Jangaann lupaaa votee, komen jugaa thankyouu❣️
Semogaa makin suka sama cerita inii yaaa,
Aamiin<3[Part ini lebih panjang dibanding biasanyaaa yaa]
HAPPY READING!
56. BELUM SEKARANG, MUNGKIN NANTI
Jarum jam bergerak begitu cepat, hingga tak terasa pagi telah tiba.
Seharusnya, pukul 5 pagi sang mentari mulai merangkak naik. Namun sekarang sinarnya sedikit saja belum kunjung tampak. Mungkin lantaran hujan baru reda sekitar dua jam yang lalu. Sehingga awan mendung masih tersisa.
"Sshh ...." Suara desisan pelan terdengar.
Reval memutuskan kembali pulang ke rumahnya. Hanya untuk membersihkan diri dan berganti pakaiannya karena terasa tidak nyaman- setengah basah akibat hujan.
Setelah meninggalkan Bagas beberapa jam lalu, Reval memilih singgah dan mengistirahatkan dirinya di salah satu masjid umum. Ia hanya tertidur sekitar 1 jam.
Mengingat setelah banyaknya kejadian pada tadi malam hingga dini hari. Reval tak henti meringis. Rasa nyeri akibat beberapa pukulan di sekujur tubuhnya terus menjalar. Kakinya yang dirobohi motor pun melangkah tak seperti biasa. Ditambah dingin yang menusuk kulit serta tulangnya lantaran memilih bertahan di bawah derasnya hujan.
"Bunda, Eval pulang," ujar Reval parau ketika pintu utama rumahnya telah ia buka. Tangan kanannya yang dingin itu masih melekat pada gagang pintu.
Hanya keheningan dan kehampaan yang Reval dapatkan, selalu.
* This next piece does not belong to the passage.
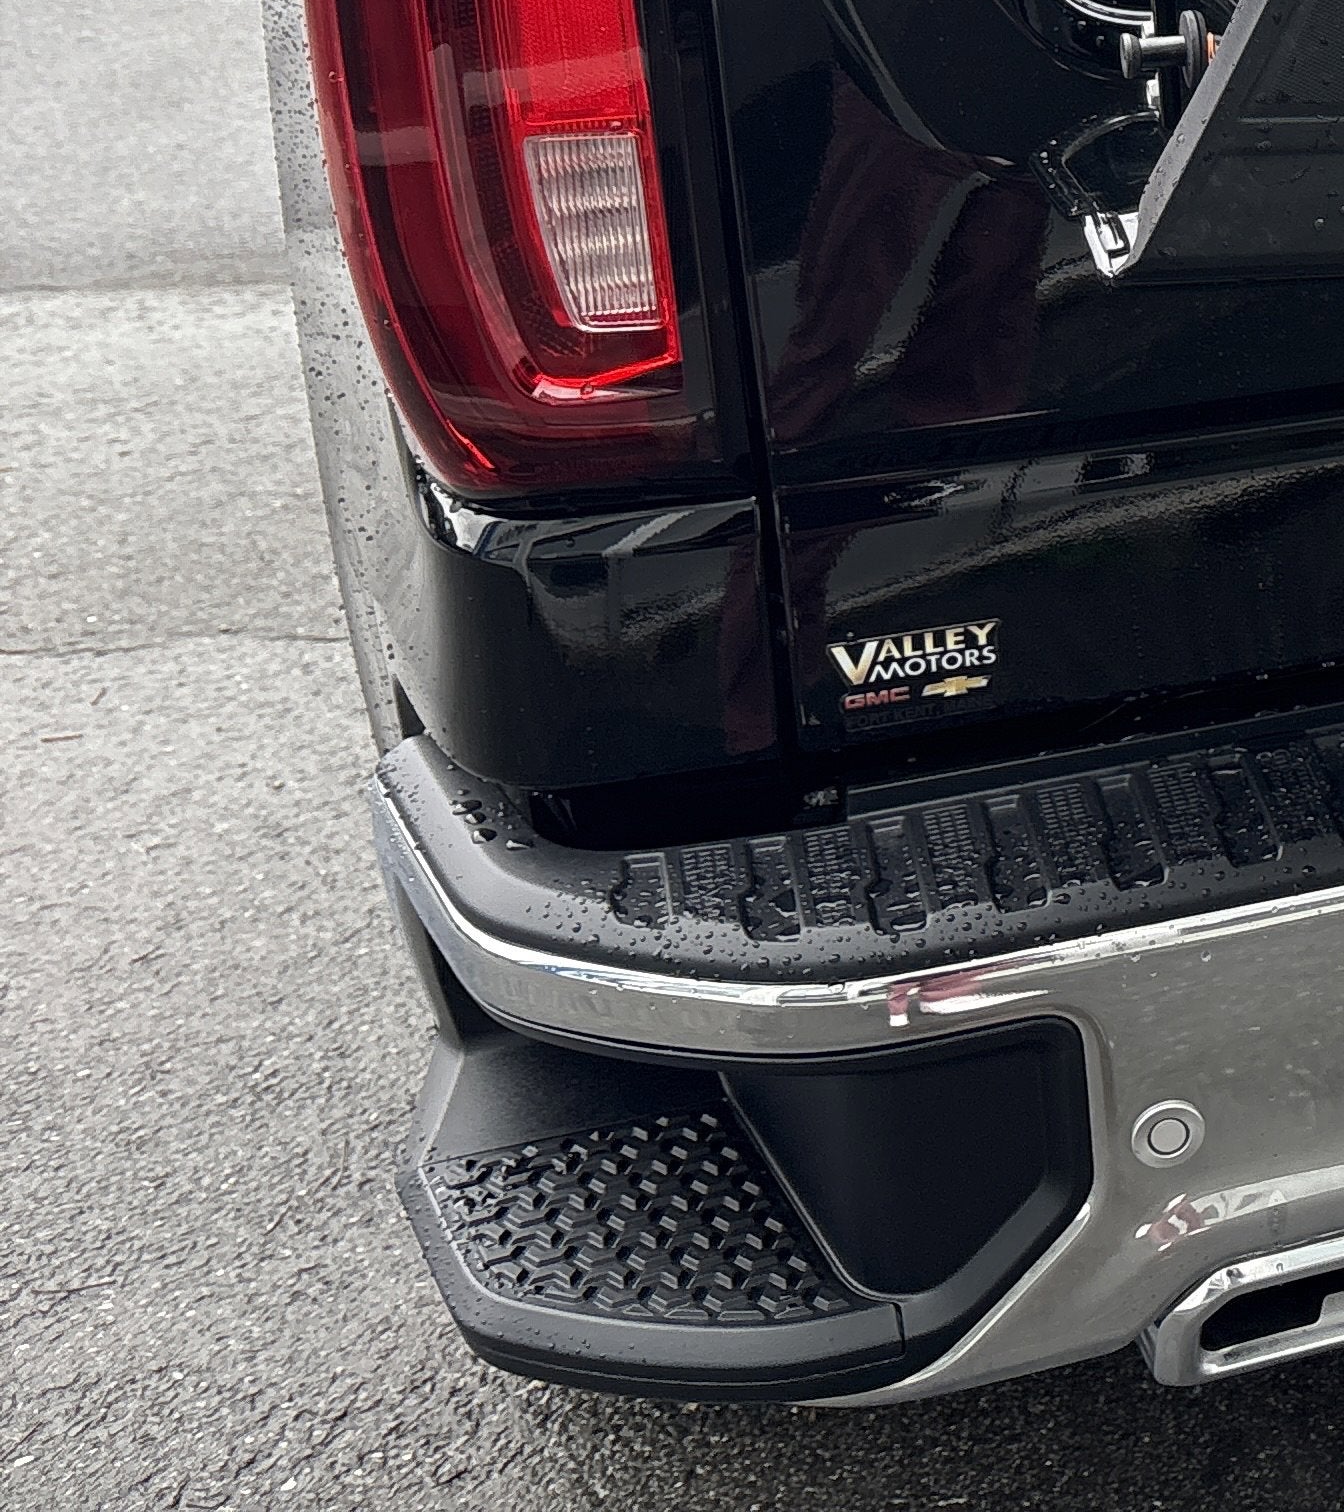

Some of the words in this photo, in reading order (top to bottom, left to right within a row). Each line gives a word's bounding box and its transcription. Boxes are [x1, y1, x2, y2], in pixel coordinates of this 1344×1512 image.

[830, 622, 997, 686] VALLEY
[869, 645, 998, 683] MOTORS
[844, 686, 911, 711] GMC
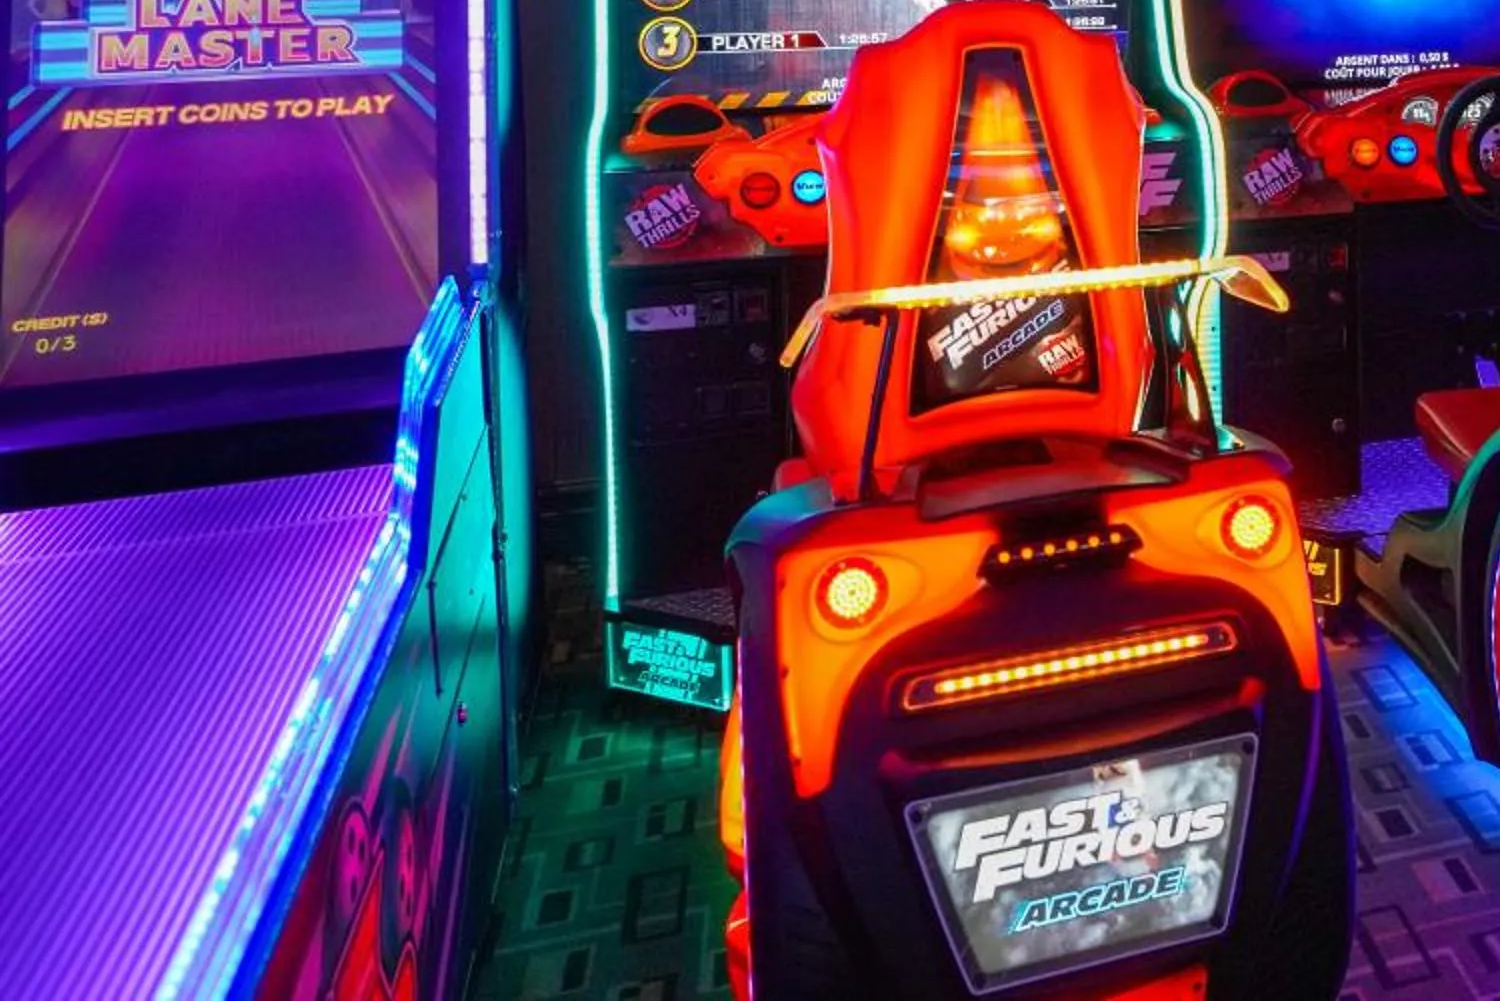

Reval tak bisa membayangkan betapa panjang dan lamanya nasihat serta omelan yang akan Henny berikan kepadanya jika mendapati ia pulang dalam kondisi seperti sekarang. Berantakan, pucat, dan terdapat beberapa luka lebam.
Ah! Moment omelan itu sangat ia rindu-rindukan.
Namun, Reval terkekeh getir seraya mengedikkan bahu sesaat, berusaha membuang jauh-jauh harapan itu.
Ceklek!
Reval menghembuskan napas pelan setelah memasuki kamarnya yang beberapa hari ini hanya ia jadikan tempat memejamkan mata di kala lelah. Waktu panjangnya lebih banyak ia habiskan di luar rumah; sibuk mencari informasi tentang bundanya.
Kemudian, langkah kakinya tertuju pada cermin. Reval menatap miris pantulan dirinya sendiri di sana. Ucapan salah satu dari dua orang suruhan Egi untuk mengusirnya semalam terlintas.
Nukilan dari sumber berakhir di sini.